Republicans Paint Themselves Into A Tax-Cut Corner

@DavidCayJ

Reuters

This opinion piece originally appeared at Reuters.com.

Slyly encouraged by President Barack Obama, Republicans have painted themselves into a tax corner.

Who would have imagined a year ago, when Republicans rode the Tea Party’s anti-tax wave and retook the House of Representatives, that a year later Republicans would be forced to swallow a huge tax cut sponsored by Obama?

The irony is that Obama’s payroll tax cut could have been taken over by the Republicans as their issue, but they flubbed it.

The payroll tax cut, which bestows the most savings on highly-paid workers, resulted from the refusal by Republicans, after they won control of the House in 2010, to extend the Making Work Pay tax credit.

The Making Work Pay tax credit’s benefits went heavily to the working poor, the disabled, and retirees while in effect in 2009 and 2010.

In September, Obama asked Congress to cut the payroll tax rate even further. Obama wants the 6.2 percent Social Security wage tax slashed in half, saving $1,550 for workers making $50,000. He also wants to cut the employer side of the tax in a way that favors small business.

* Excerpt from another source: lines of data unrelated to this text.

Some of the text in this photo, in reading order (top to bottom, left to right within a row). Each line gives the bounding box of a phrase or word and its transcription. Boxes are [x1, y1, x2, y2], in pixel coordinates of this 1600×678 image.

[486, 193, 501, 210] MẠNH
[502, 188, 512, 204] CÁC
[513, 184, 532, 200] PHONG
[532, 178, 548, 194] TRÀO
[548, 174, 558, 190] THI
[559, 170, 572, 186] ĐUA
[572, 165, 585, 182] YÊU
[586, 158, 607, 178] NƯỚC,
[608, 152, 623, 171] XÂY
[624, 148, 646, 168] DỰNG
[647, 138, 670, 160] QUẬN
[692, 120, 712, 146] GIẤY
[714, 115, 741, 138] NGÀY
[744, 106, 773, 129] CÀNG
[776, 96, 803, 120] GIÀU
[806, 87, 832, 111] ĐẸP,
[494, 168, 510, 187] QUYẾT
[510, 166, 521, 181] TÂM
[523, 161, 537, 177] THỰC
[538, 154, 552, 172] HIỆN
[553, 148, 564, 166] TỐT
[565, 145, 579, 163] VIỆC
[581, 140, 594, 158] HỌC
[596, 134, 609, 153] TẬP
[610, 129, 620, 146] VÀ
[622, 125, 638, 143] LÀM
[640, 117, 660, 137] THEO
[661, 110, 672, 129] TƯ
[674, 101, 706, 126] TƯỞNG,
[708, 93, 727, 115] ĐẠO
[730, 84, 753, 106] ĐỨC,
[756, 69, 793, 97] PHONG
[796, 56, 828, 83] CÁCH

Republicans quickly rejected the proposals to expand the cut, which is how they started painting themselves into a corner both with workers and with small business owners.

REPUBLICANS AT RISK

With the collapse of the doomed-before-it-began super committee, the Republicans suddenly were at risk that the payroll tax rate would rise automatically in January, allowing the Democrats to portray Republicans as the party of tax hikes for working people and tax cuts for billionaires.

In recent days House Republicans have signaled that they will support extension of the reduced payroll tax rate, but grudgingly. Tea Party House Republicans continue to oppose the payroll tax cut extension so it is not certain the payroll tax cut will be extended, though that would certainly damage the Republican tax-cut brand.

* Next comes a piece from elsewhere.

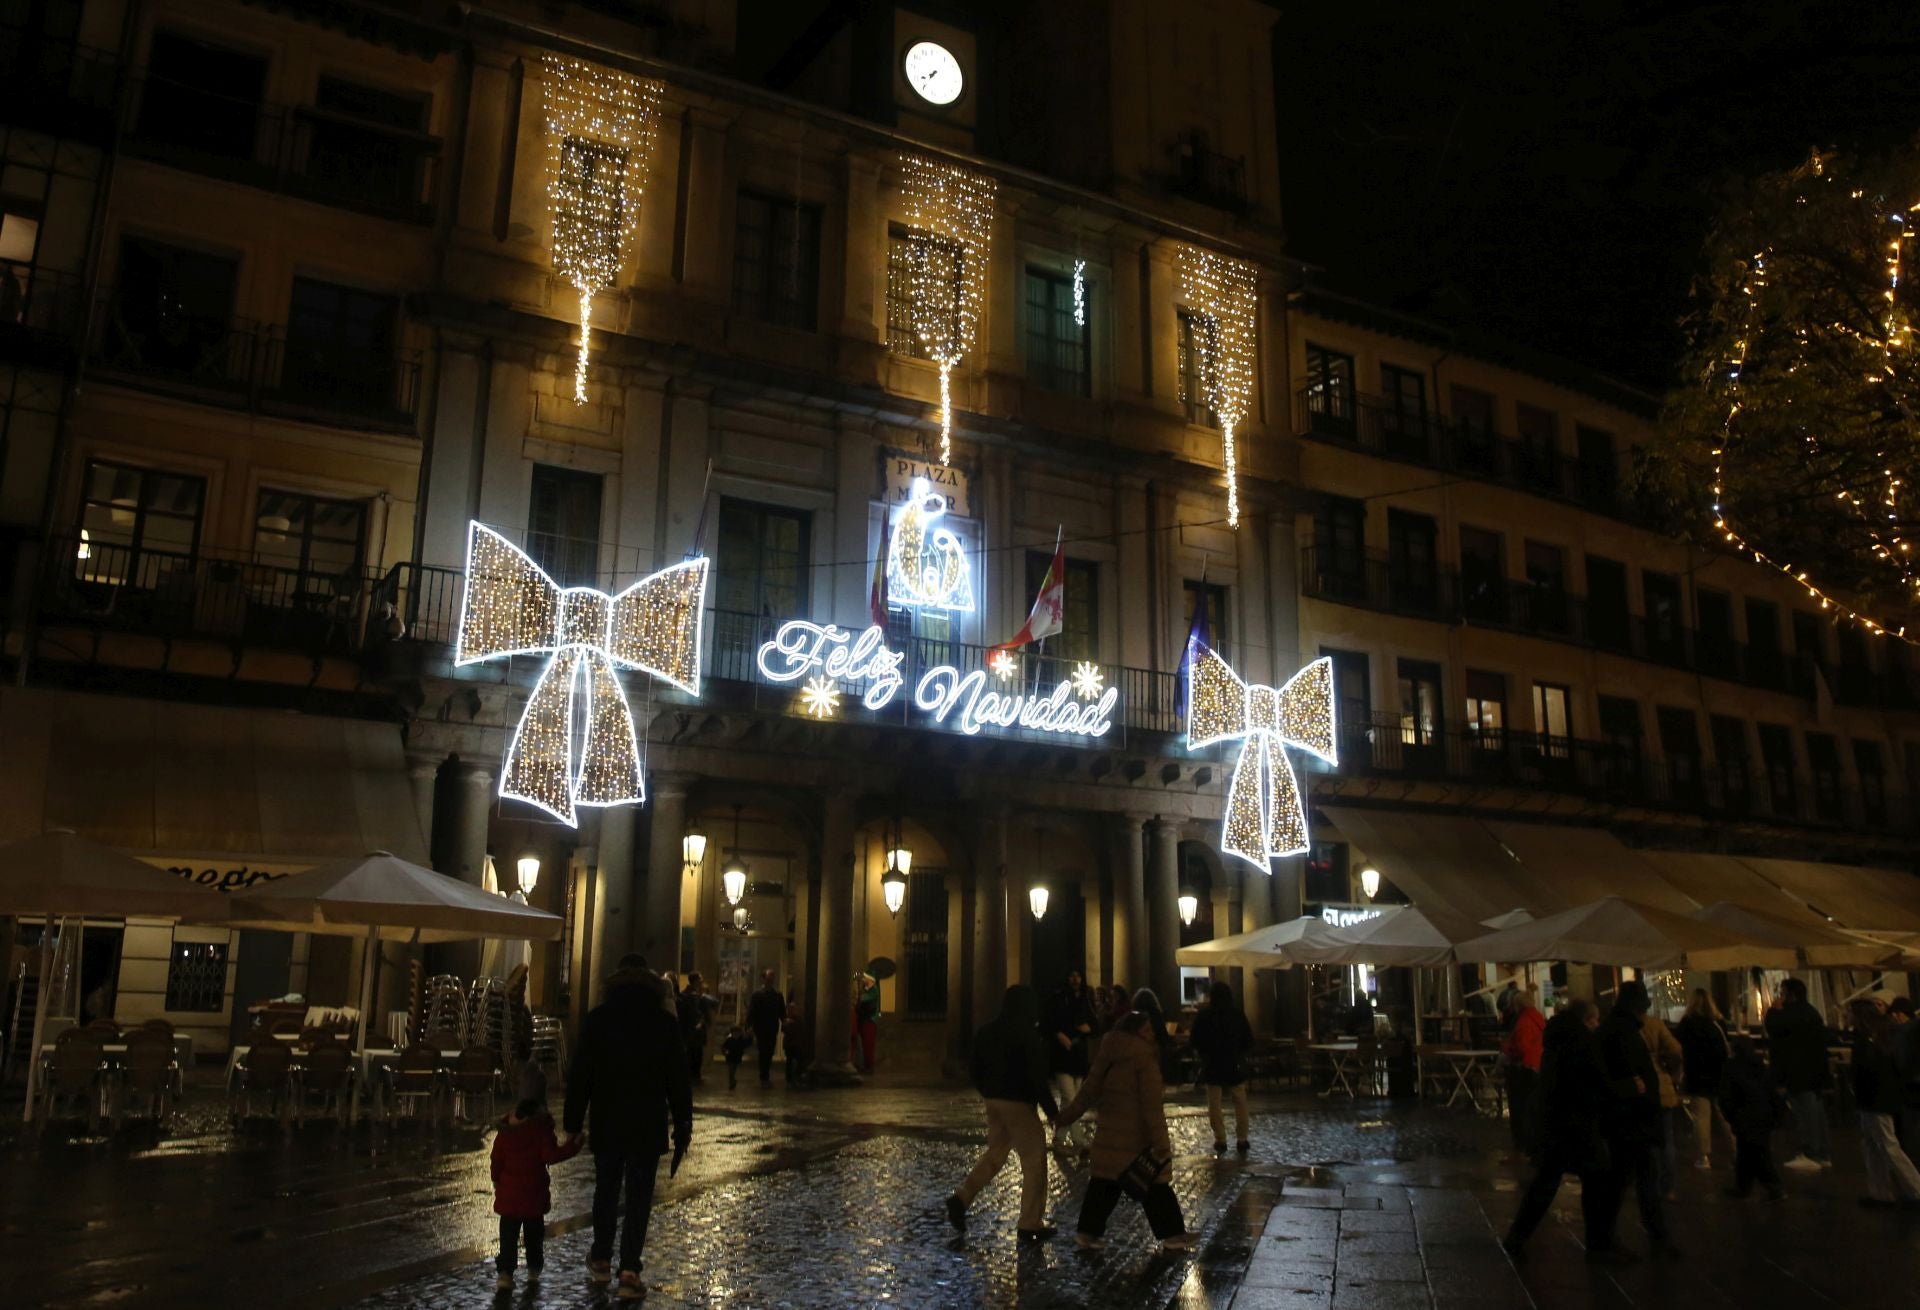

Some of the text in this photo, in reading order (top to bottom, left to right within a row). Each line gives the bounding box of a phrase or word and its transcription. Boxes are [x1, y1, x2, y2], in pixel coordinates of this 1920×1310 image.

[897, 460, 958, 486] PLAZA
[756, 620, 1119, 736] Feliz Navidad

Congressional Republicans, most of whom have signed the no-tax-hike pledge of lobbyist Grover Norquist, have made no secret of wanting tax cuts at the top. Some want to end the corporate income tax and to slash or eliminate taxes on capital gains, dividends, rents, interest and some royalties.

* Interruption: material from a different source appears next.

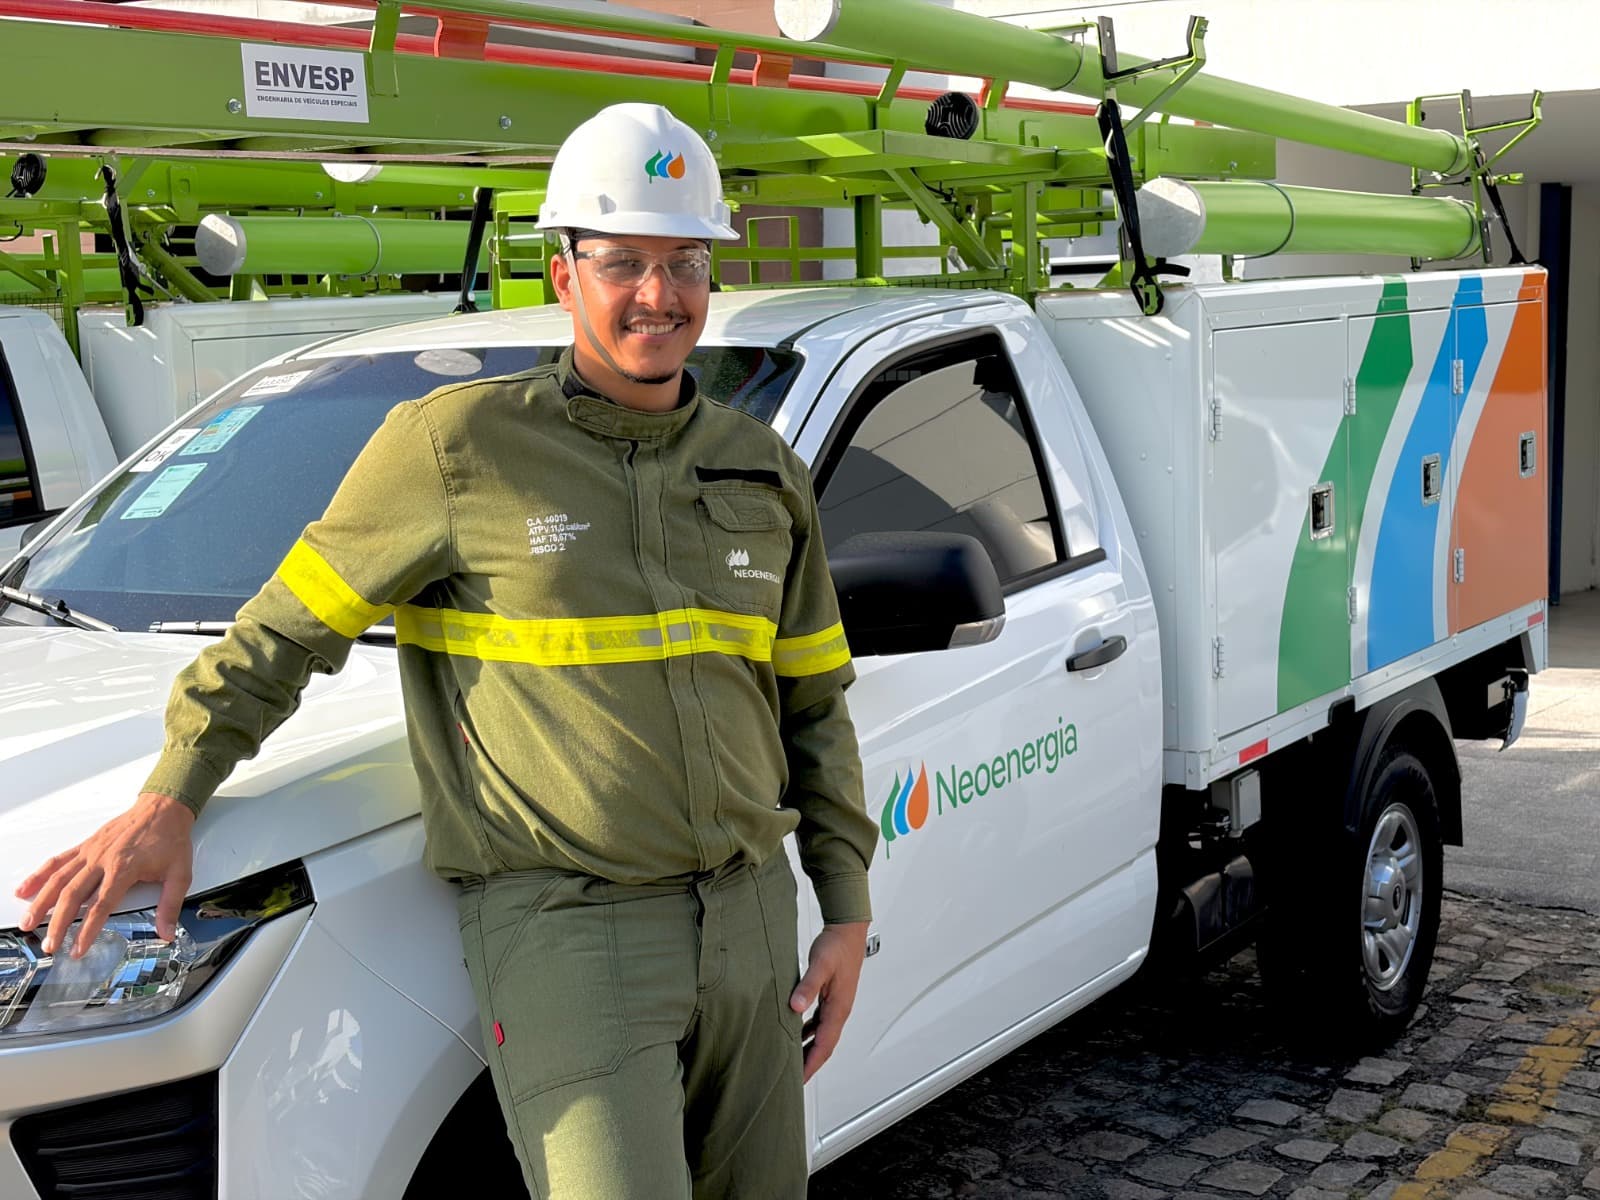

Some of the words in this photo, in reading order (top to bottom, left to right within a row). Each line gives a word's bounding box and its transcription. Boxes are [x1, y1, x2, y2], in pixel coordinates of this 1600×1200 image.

But numerous opinion polls show overwhelming public support for continuing tax cuts for workers and for raising taxes on millionaires. That has left Republican leaders no choice but to silently cry uncle and agree to the president’s request to extend and possibly expand the payroll tax cut.

Having outsmarted Norquist, Obama gets to run for a second term as the champion of at least a $100 billion tax cut. Obama can even say that if Republicans had had their way, working people’s taxes would have gone up while taxes on billionaires would have gone down. And he gets to tell small business owners that, but for Republicans, their taxes would have gone down too.

This is a marketing fiasco for Republicans to rival the Ford Edsel and New Coke. Already more than 40 congressional Republicans have taken steps to distance themselves from Norquist, who scowls at the mere mention of what could have been his, but is now Obama’s, very popular tax cut.

REGRESSIVE FEATURES

The Republicans will have a harder time tarnishing Obama as a progressive because they insisted on killing his Making Work Pay tax credit.

The payroll tax cut that they ultimately accept would have some of the defining features of the 2001 and 2003 Bush tax cuts — almost everyone who paid taxes got a break, but most people got very little while huge savings flowed to the top. Just one in a thousand taxpayers got 12.5 percent of the savings.

In the same vein, Obama’s payroll tax cut benefits everyone who has a job, but most workers get a pittance. The lowest paid 38 million Americans, the one in four workers who earn less than $10,000 a year, will save on average less than $80 each. Only 45 percent of the savings go to 75 percent of workers, those making under $50,000. But the top 4.8 percent get 16.3 percent of the tax savings, my analysis of the plan shows.

Applying the expected 2012 payroll tax rules to the latest wage data, from 2010, two-income professional couples who each make more than $110,100 would save $4,404 next year. That looks to be about two million households.

These high-income couples were denied Obama’s Making Work Pay credit in 2009 and 2010. That tax cut, which polls indicate hardly anyone knew about, was heavily weighted to benefit the lowest income workers. Everyone except the top 3 percent or so got the $400 tax break.

The switch from the Making Work Pay tax break to the reduction in the payroll tax effectively raised taxes on 51 million households, the Tax Policy Center estimated, by an average of $134 each.

Raising taxes on a third of American workers poses a problem for Republicans who want to be known as the party that never raises taxes — but only if voters know what Republicans did.

Norquist tries to explain this away by saying his pledge does not apply to temporary tax cuts. However, Norquist takes the opposite approach when he talks about the Bush tax cuts, which he says were intended to be permanent, even though Republicans did not make them so when they controlled Congress and the White House from 2003 through 2006.

In this and other ways Norquist damages the brand he created, muddying it with inconsistencies and dubious caveats few voters will grasp.

He and his followers are now stuck in the corner into which they thoughtlessly painted themselves — at least until the political paint dries in November of next year.